▶ Task to complete:
Return the full listing character for character, without its pictures.

● ● ●

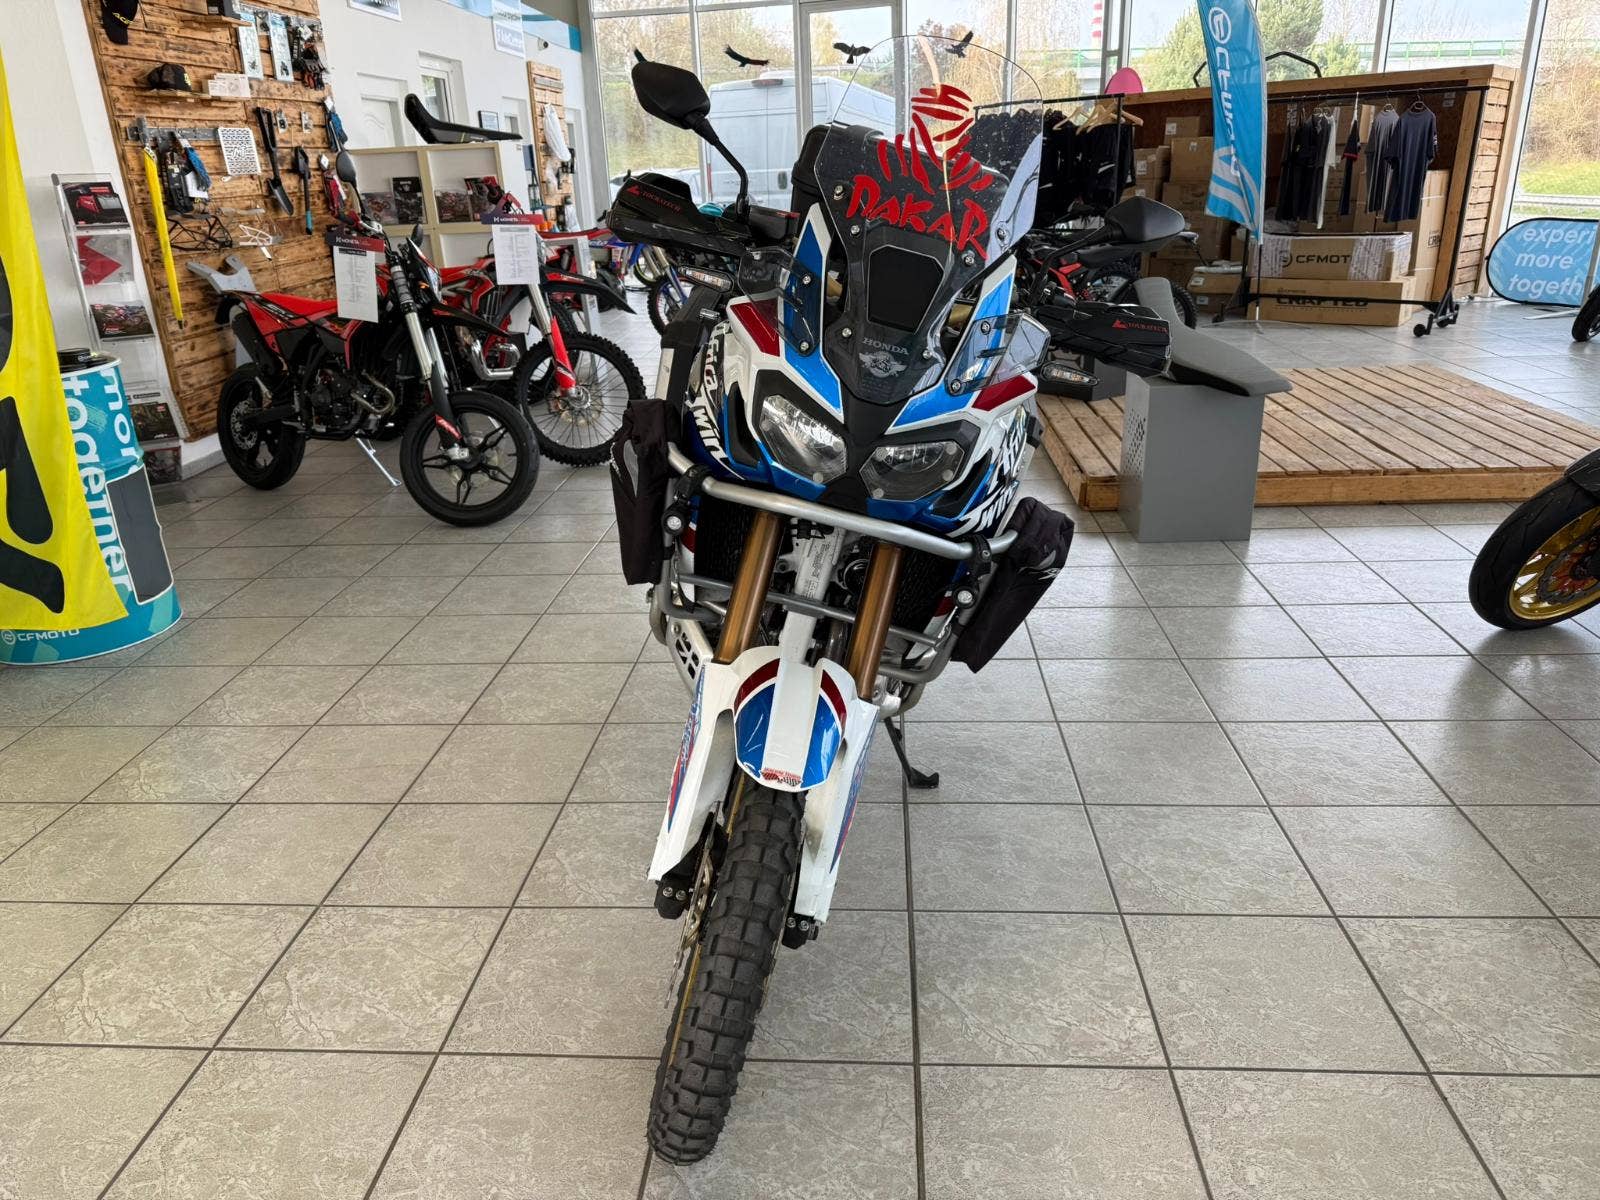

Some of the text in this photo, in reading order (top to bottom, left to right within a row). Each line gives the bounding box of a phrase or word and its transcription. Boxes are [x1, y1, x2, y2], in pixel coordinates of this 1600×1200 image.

[845, 173, 989, 260] DAKAR
[1295, 254, 1352, 264] CFMOT
[1514, 252, 1575, 269] more
[862, 337, 910, 356] HONDA
[100, 368, 140, 475] mor
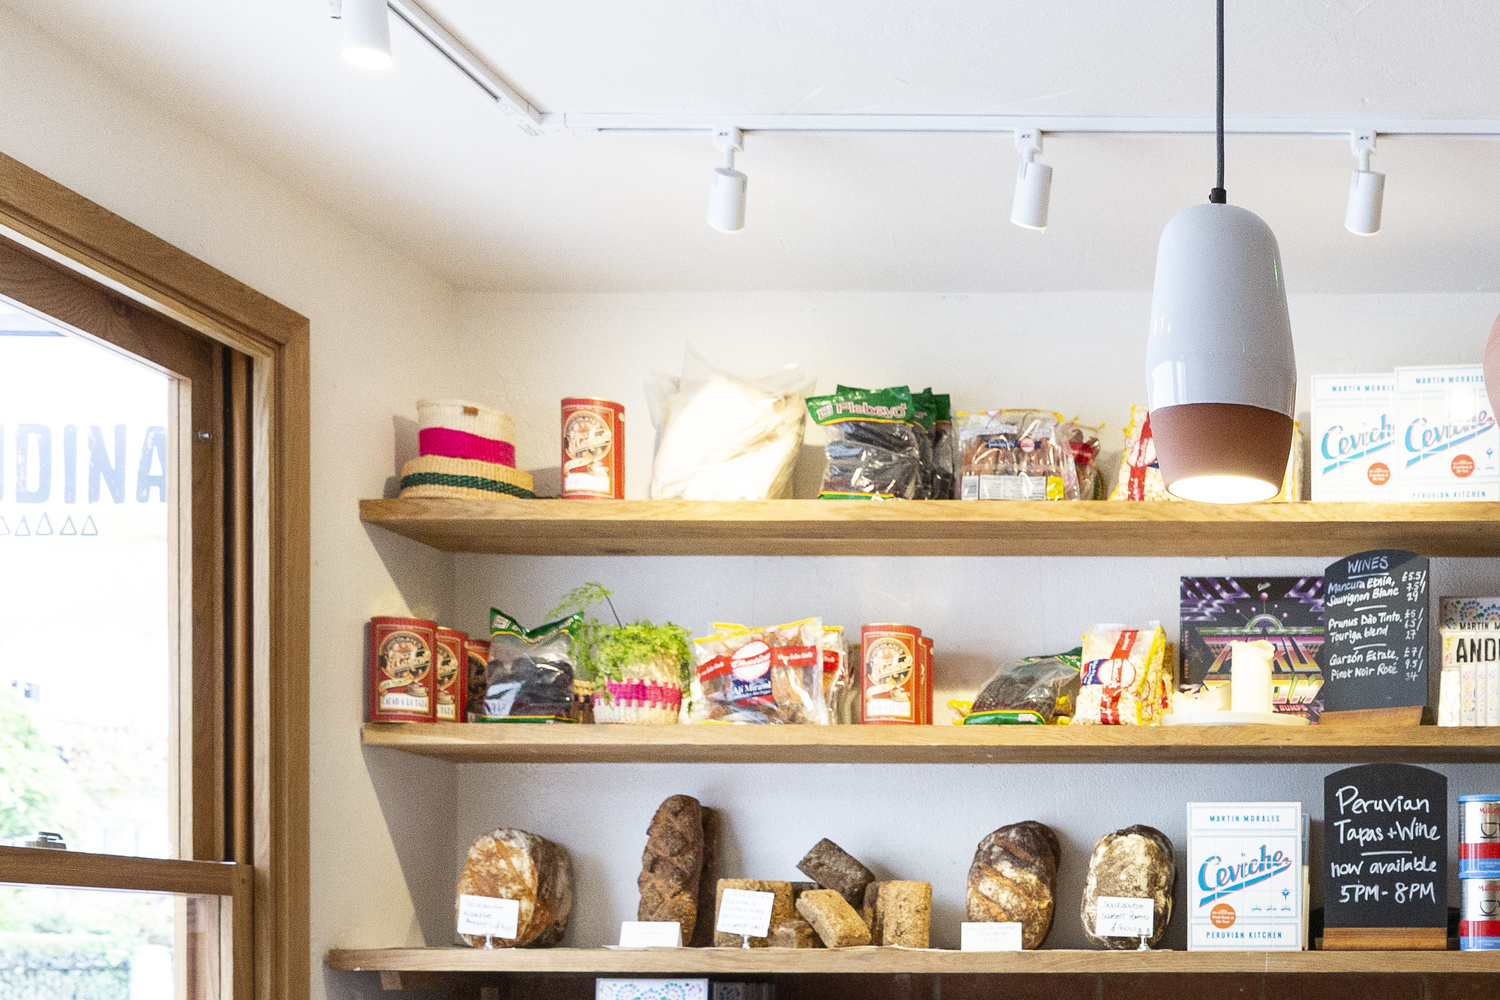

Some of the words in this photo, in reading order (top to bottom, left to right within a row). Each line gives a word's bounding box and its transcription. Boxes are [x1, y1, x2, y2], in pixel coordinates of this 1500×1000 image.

[1321, 414, 1395, 459] Cevich
[1348, 556, 1388, 573] WINES
[1328, 580, 1365, 594] Mancura
[1407, 591, 1418, 602] 29
[1327, 593, 1369, 607] Sauvignon
[1372, 587, 1399, 599] Blanc
[1329, 618, 1358, 630] Prunus
[1459, 622, 1489, 631] MARTIN
[1330, 630, 1362, 644] Touriga
[1364, 625, 1388, 638] blend
[1329, 651, 1363, 666] Garzón
[1331, 669, 1353, 682] Pinot
[1355, 667, 1375, 677] Noir
[1377, 662, 1398, 675] Rosé
[1336, 786, 1430, 815] Peruvian
[1334, 819, 1384, 846] Tapas
[1198, 845, 1292, 891] Ceviche
[1331, 861, 1364, 878] now
[1370, 856, 1437, 874] available
[1206, 931, 1244, 939] PERUVIAN
[1249, 931, 1282, 939] KITCHEN
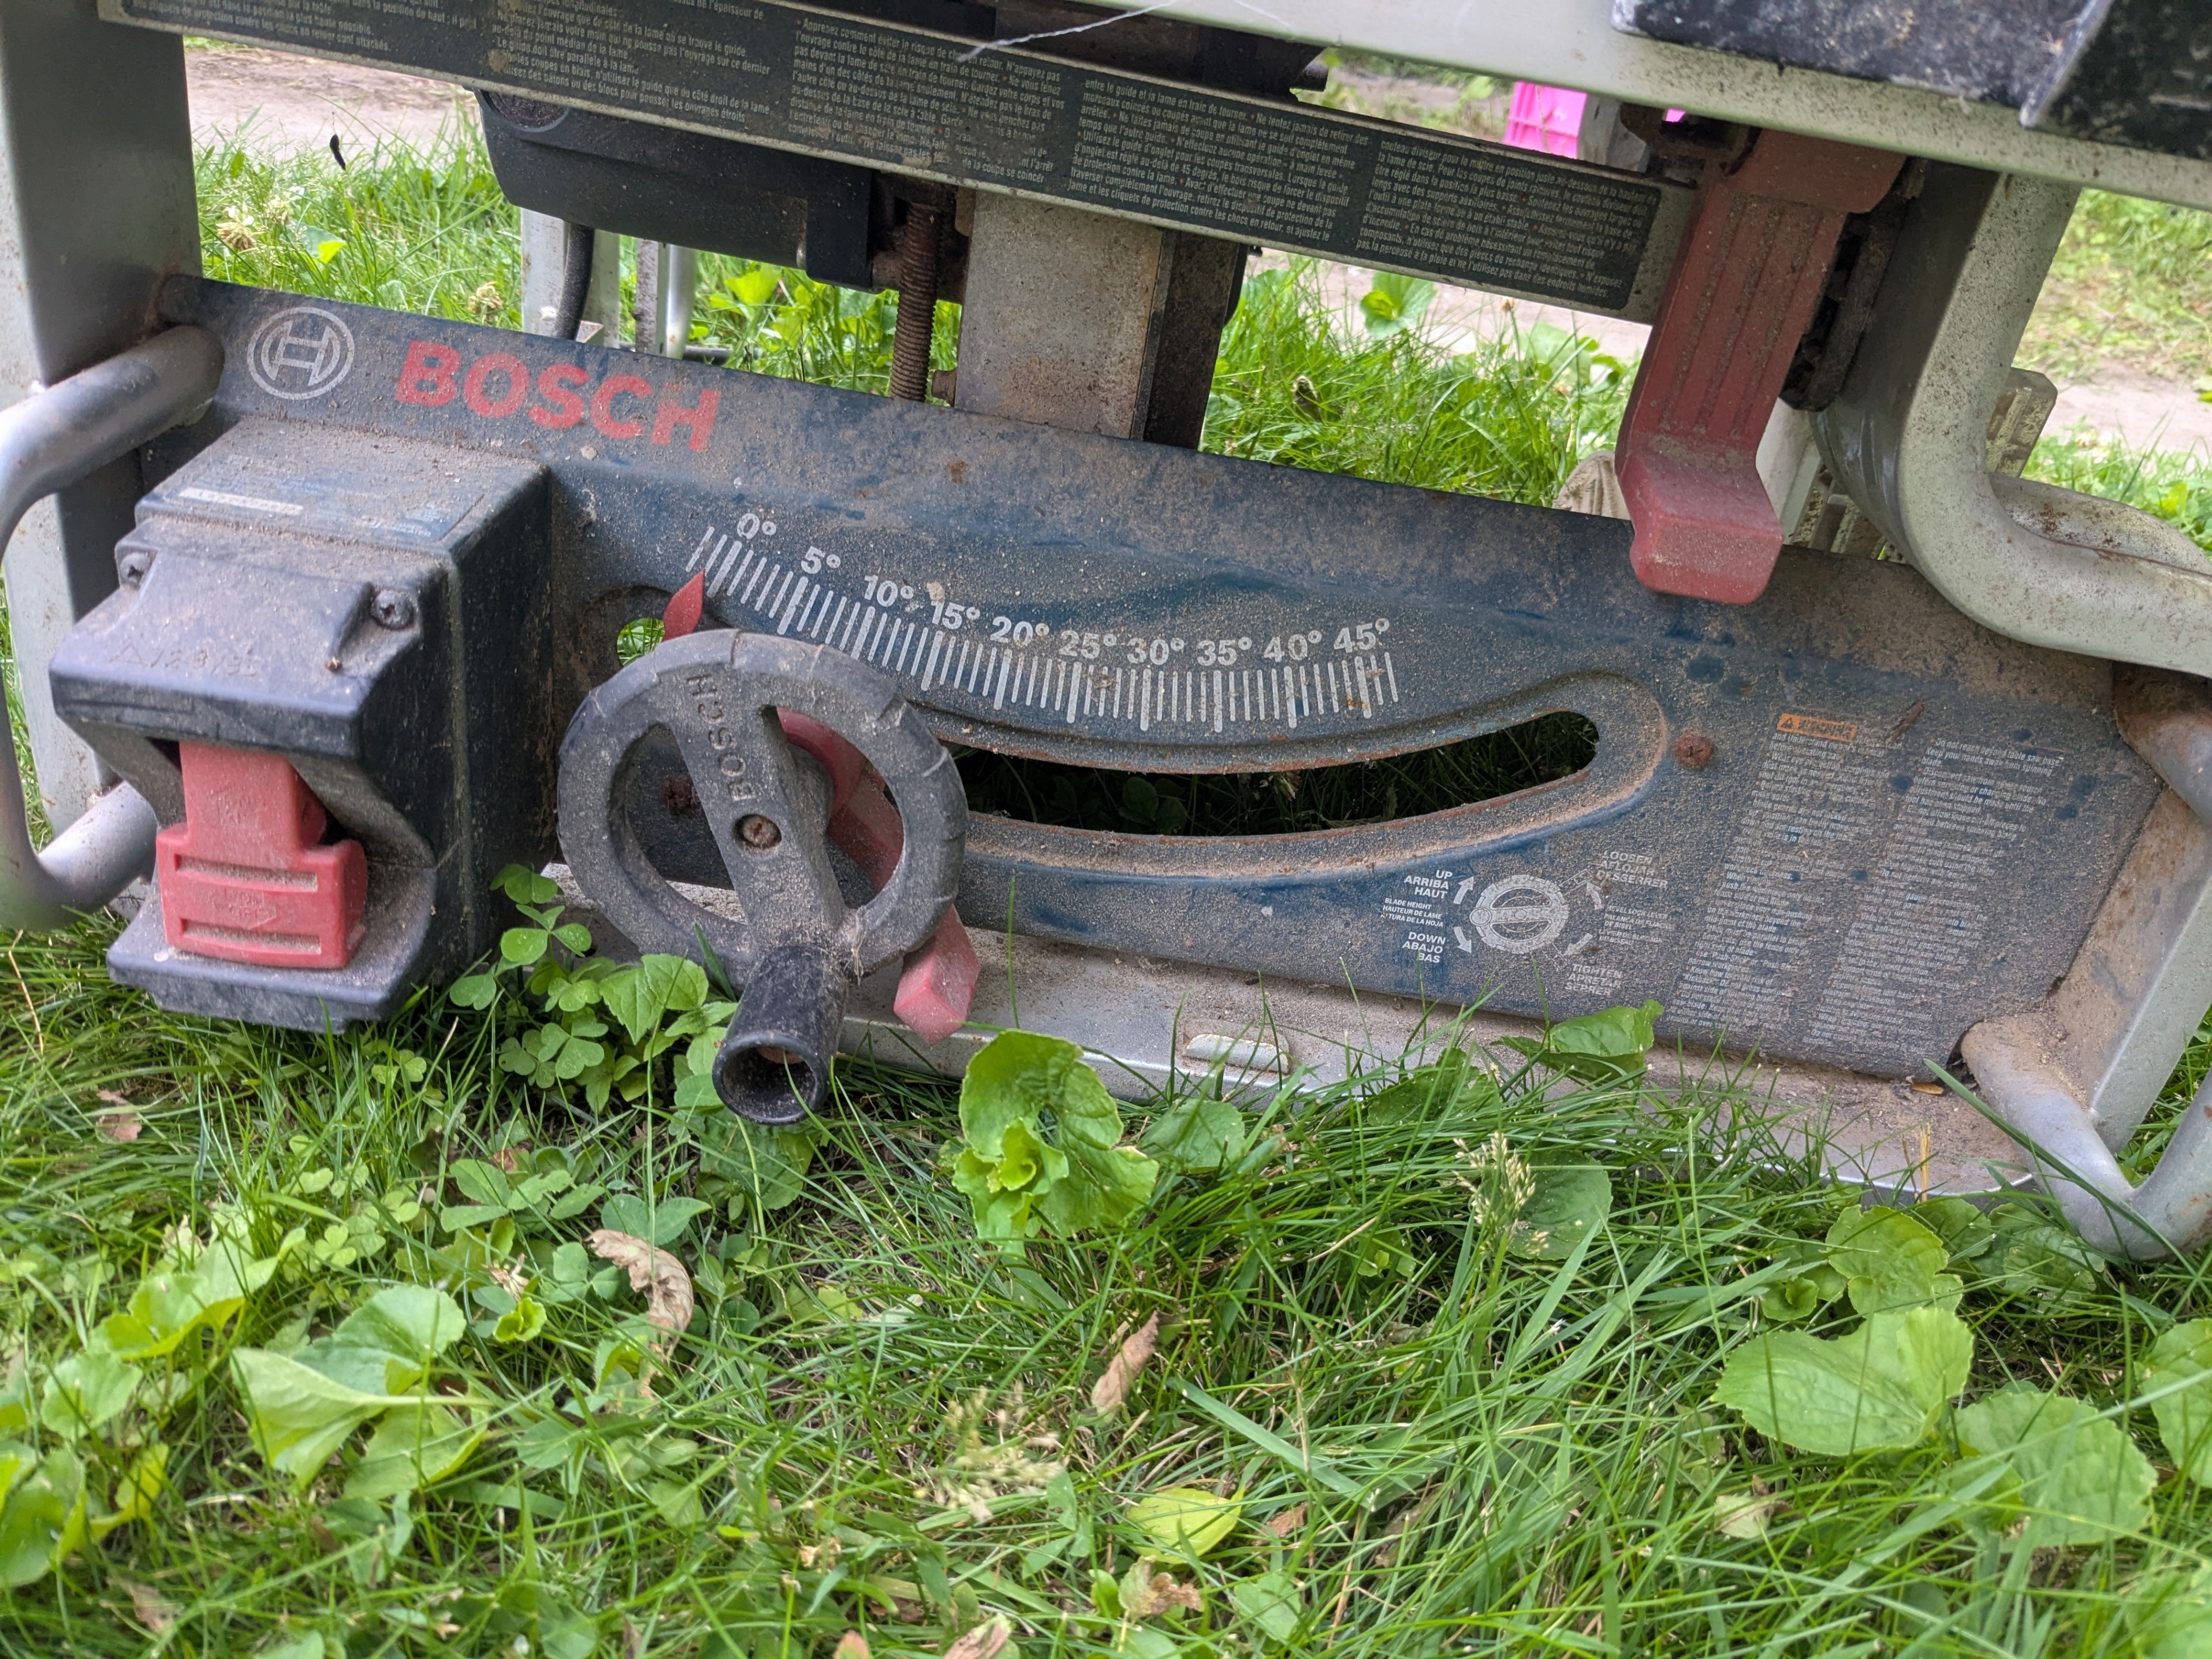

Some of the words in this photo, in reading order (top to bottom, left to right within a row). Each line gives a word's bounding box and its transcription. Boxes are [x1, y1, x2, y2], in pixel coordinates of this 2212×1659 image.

● ● ●

▶ Answer for the task:
Some of the text in this photo, in reading order (top to bottom, left to right within a row). Each line gives the bounding box of a phrase or word and its transcription. Boxes are [x1, y1, x2, y2], in pixel coordinates of this 1600×1200 image.

[845, 173, 989, 260] DAKAR
[1295, 254, 1352, 264] CFMOT
[1514, 252, 1575, 269] more
[862, 337, 910, 356] HONDA
[100, 368, 140, 475] mor

Some of the words in this photo, in reading order (top to bottom, left to right within a row). Each line gives a word's bounding box and its transcription. Boxes are [x1, y1, x2, y2], in pixel coordinates of this 1500×1000 image.

[1321, 414, 1395, 459] Cevich
[1348, 556, 1388, 573] WINES
[1328, 580, 1365, 594] Mancura
[1407, 591, 1418, 602] 29
[1327, 593, 1369, 607] Sauvignon
[1372, 587, 1399, 599] Blanc
[1329, 618, 1358, 630] Prunus
[1459, 622, 1489, 631] MARTIN
[1330, 630, 1362, 644] Touriga
[1364, 625, 1388, 638] blend
[1329, 651, 1363, 666] Garzón
[1331, 669, 1353, 682] Pinot
[1355, 667, 1375, 677] Noir
[1377, 662, 1398, 675] Rosé
[1336, 786, 1430, 815] Peruvian
[1334, 819, 1384, 846] Tapas
[1198, 845, 1292, 891] Ceviche
[1331, 861, 1364, 878] now
[1370, 856, 1437, 874] available
[1206, 931, 1244, 939] PERUVIAN
[1249, 931, 1282, 939] KITCHEN

Some of the words in this photo, in reading order (top to bottom, left to right within a row). Each line gives a word's bounding box and its transcription. Boxes are [x1, y1, x2, y2], in pixel coordinates of this 2212×1659 image.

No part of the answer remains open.